▶ Instructions for the task
Could you set down the records below exactly as they are, with no pictures?
** Opening Provided records block **
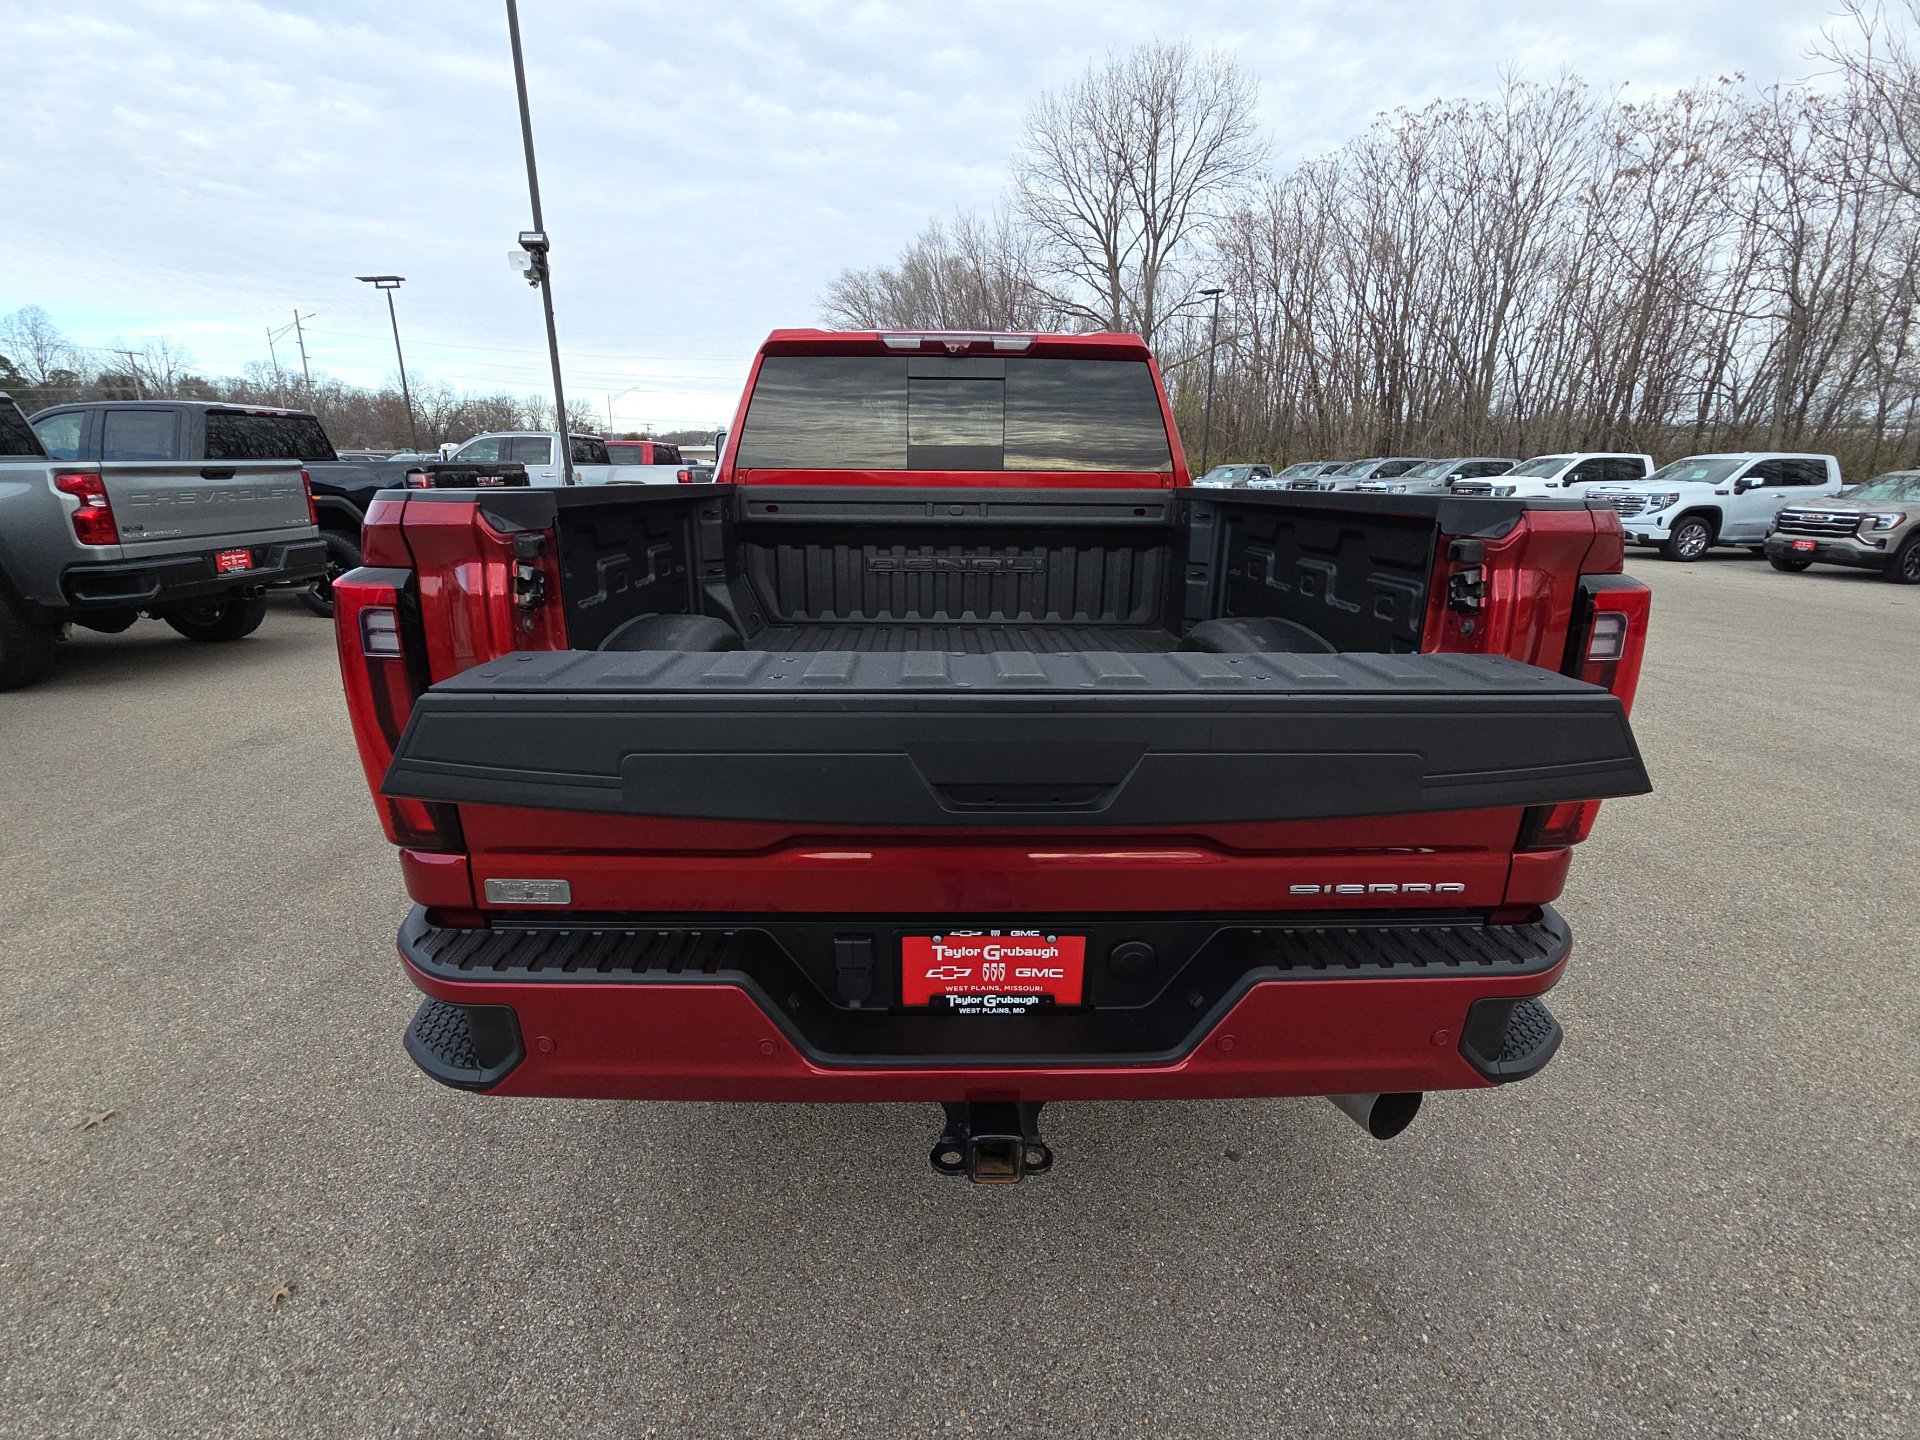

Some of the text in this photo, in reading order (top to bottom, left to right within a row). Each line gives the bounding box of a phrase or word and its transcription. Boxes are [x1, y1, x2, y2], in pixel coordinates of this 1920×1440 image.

[130, 488, 298, 507] CHEVROLET
[1289, 882, 1465, 895] SIERRA
[931, 944, 1059, 961] Taylor Grubaugh
[1015, 968, 1064, 978] GMC
[946, 994, 1039, 1007] Taylor Grubaugh
[982, 1007, 1012, 1015] PLAINS,
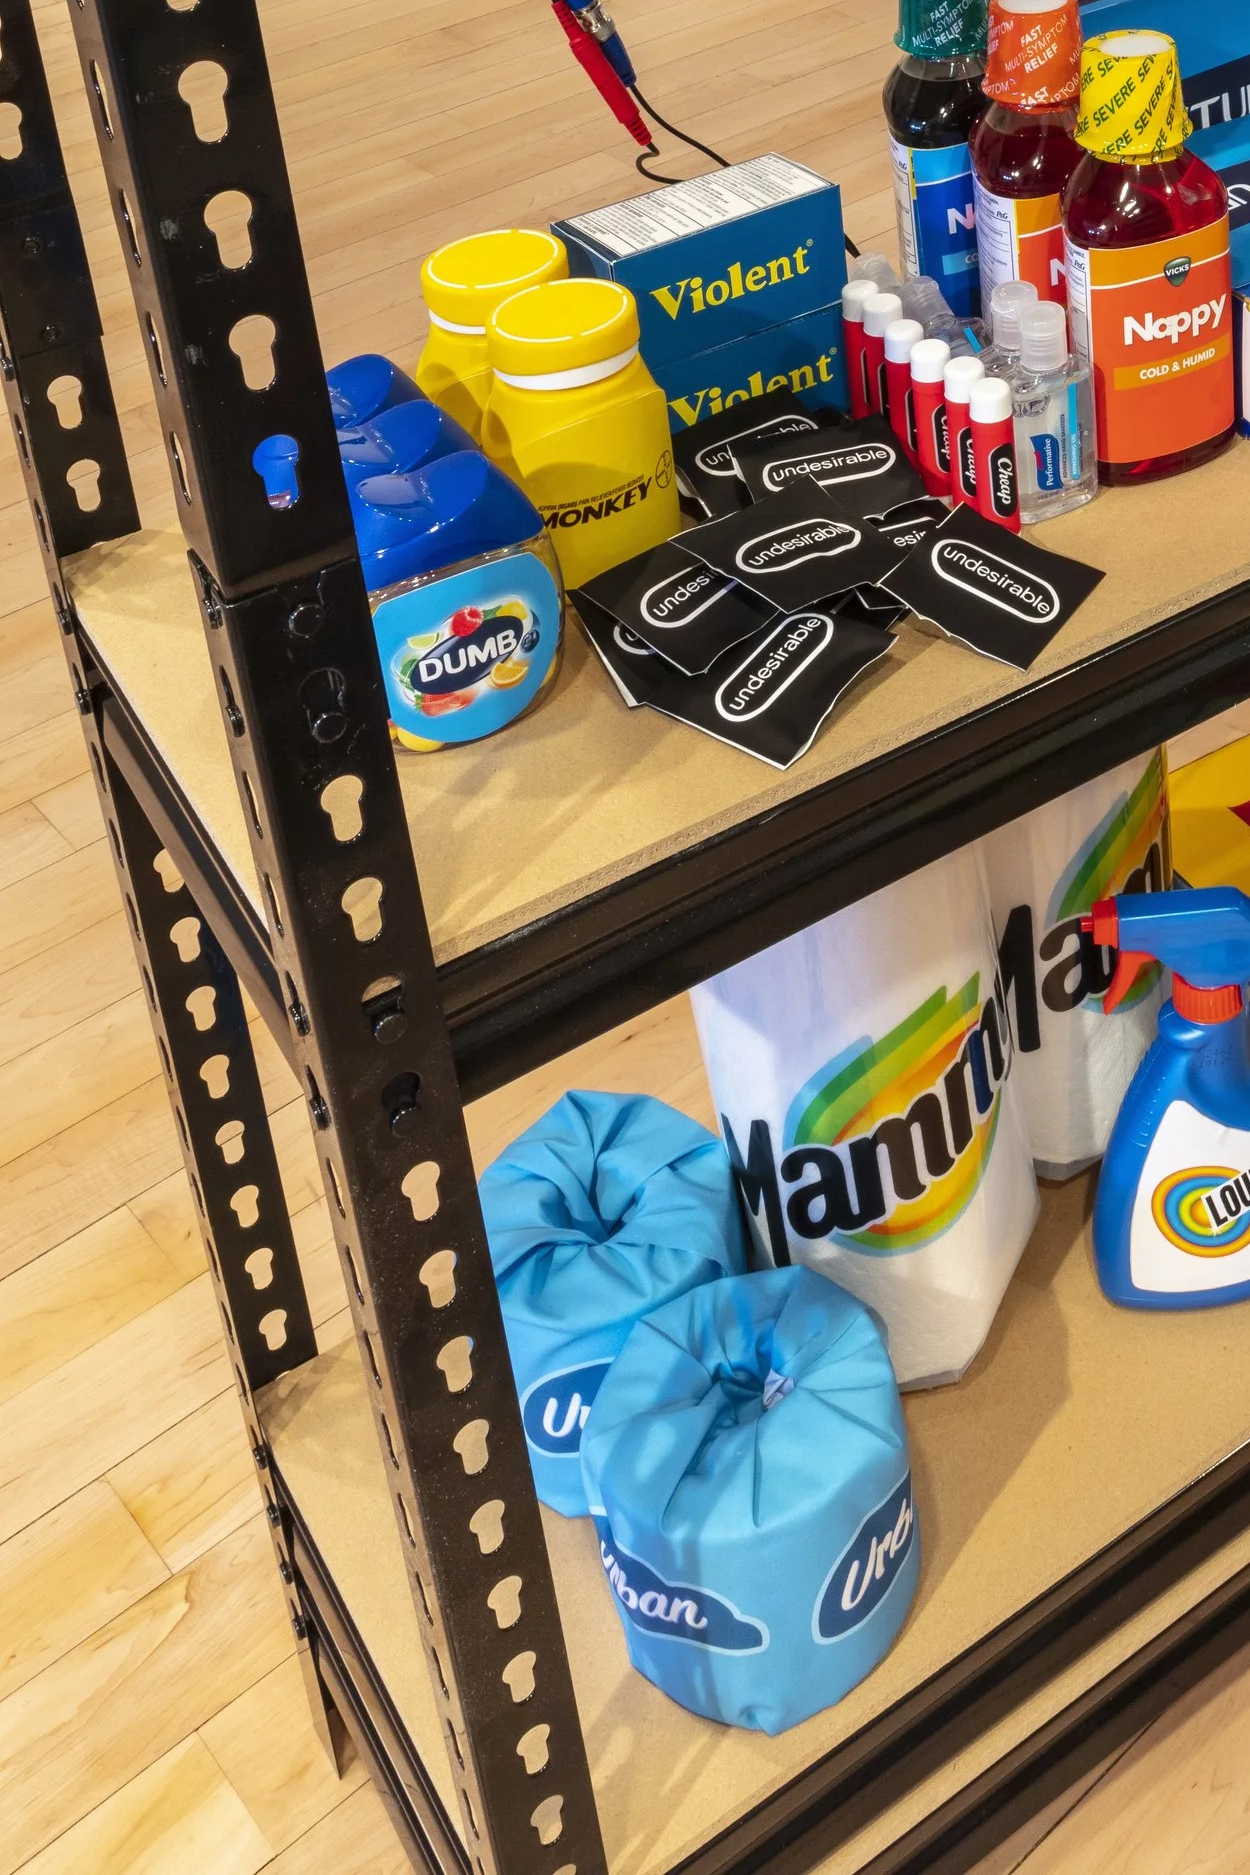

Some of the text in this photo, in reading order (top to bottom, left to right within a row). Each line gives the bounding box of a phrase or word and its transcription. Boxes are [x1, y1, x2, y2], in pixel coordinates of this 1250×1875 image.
** Closing Provided records block **
▶ Response below
Some of the text in this photo, in reading order (top to bottom, left to right within a row). Each line gives the bounding box of a phrase or word and its transcription. Boxes are [x1, y1, x2, y2], in pixel coordinates of this 1920×1440 image.

[130, 488, 298, 507] CHEVROLET
[1289, 882, 1465, 895] SIERRA
[931, 944, 1059, 961] Taylor Grubaugh
[1015, 968, 1064, 978] GMC
[946, 994, 1039, 1007] Taylor Grubaugh
[982, 1007, 1012, 1015] PLAINS,

Some of the text in this photo, in reading order (top to bottom, left to right within a row). Each line gives the bounding box of a phrase or word and its transcription. Boxes are [x1, y1, x2, y2], in pixel coordinates of this 1250×1875 image.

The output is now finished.